Abstract:BACKGROUND. Biomaterial pretreatment with endothelial cell mitogens may enhance endothelialization. METHODS. Modified fibrin glue (FG) containing 1 ng/cm2 recombinant 125I-labeled fibroblast growth factor type 1 (125I-FGF-1), 20 micrograms/cm2 heparin, 2.86 mg/cm2 fibrinogen, and 2.86 x 10(-2) units/cm2 thrombin was pressure perfused into expanded polytetrafluoroethylene (ePTFE) grafts. Grafts were interposed into infrarenal aortas of 24 New Zealand white rabbits and explanted after 0, 5, 30, and 60 minutes and 1, 7, 14, and 30 days. Residual radioactivity was determined by gamma-counting. Remaining 125I-FGF-1 is expressed as percent of value at time 0. To determine the effect of the FG/FGF-1 on graft healing, three groups of 50 x 4 mm 60 microns internodal-distance nonreinforced ePTFE grafts were implanted in the aortoiliac position of 12 dogs. Group I (n = 12) contained the complete modified FG, group II (n = 6) contained FG with heparin but no FGF-1, and group III (n = 6) contained untreated identical ePTFE. Tritiated thymidine (0.5 microCi/kg) was injected intramuscularly 10 hours before explantation after 7 and 28 days for light and electron microscopy and en face autoradiography. RESULTS. Retention of 125I-FGF-1 showed rapid initial loss (delta %/delta min = -24.1) followed by slow loss after 1 hour (delta %/delta min = -0.03), with 13.4% +/- 6.9% remaining at 1 week and 3.8% +/- 1.1% at 30 days. Every FG/FGF-1 graft at 28 days showed extensive capillary ingrowth and confluent endothelialized luminal surfaces, not seen in any specimen of the other two groups.
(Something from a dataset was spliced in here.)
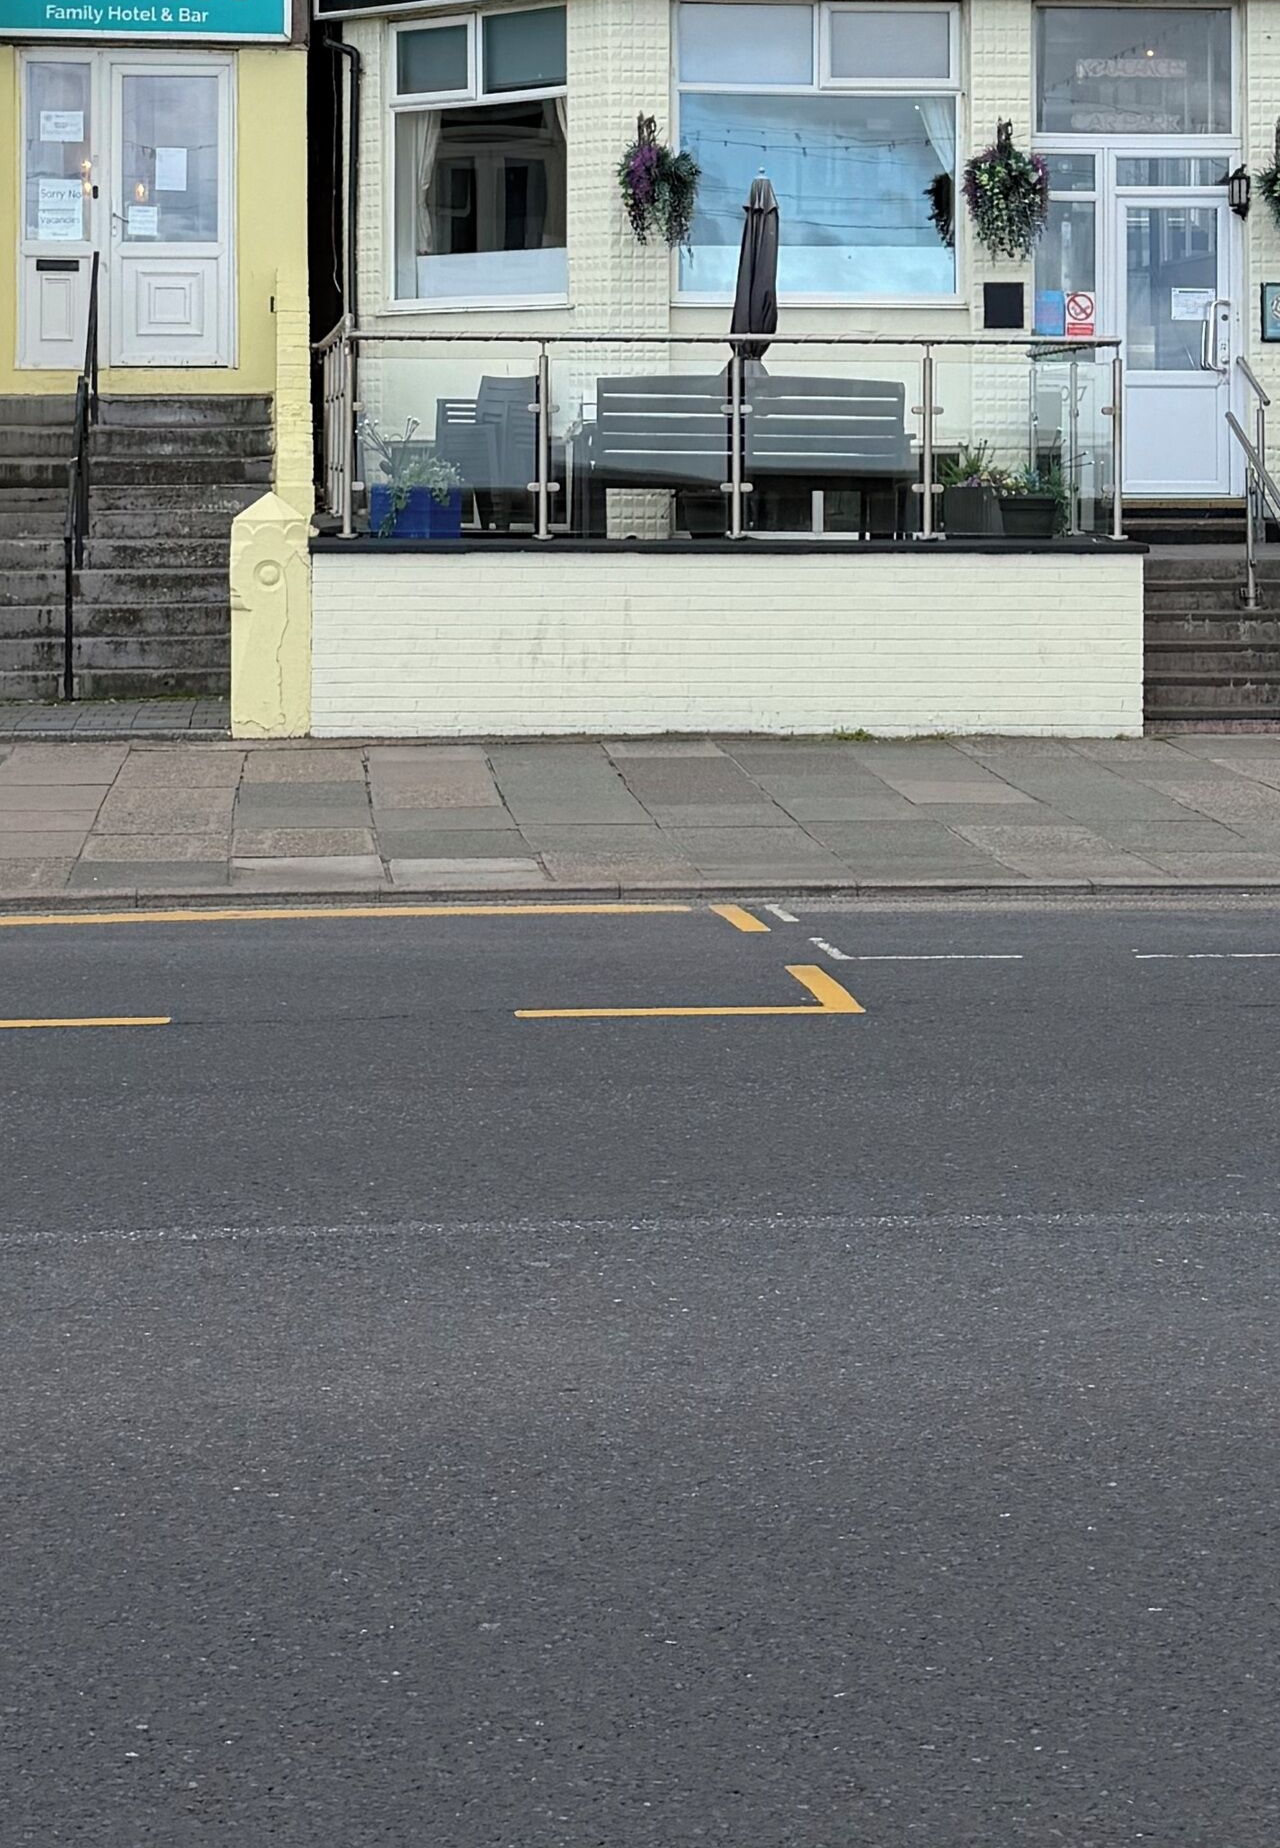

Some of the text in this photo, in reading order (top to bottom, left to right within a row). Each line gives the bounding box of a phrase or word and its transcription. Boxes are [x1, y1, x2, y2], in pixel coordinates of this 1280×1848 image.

[46, 4, 209, 24] Family Hotel & Bar
[40, 189, 82, 200] Sorry No
Autoradiography revealed a significant increase (p less than 0.05) in 3H-thymidine incorporation in the FG/FGF-1 grafts at 28 days versus all groups as a function of time and graft treatment. CONCLUSIONS. Pressure perfusion of an FGF-1/FG suspension into 60 microns internodal-distance ePTFE grafts promotes endothelialization through capillary ingrowth and increased endothelial cell proliferation.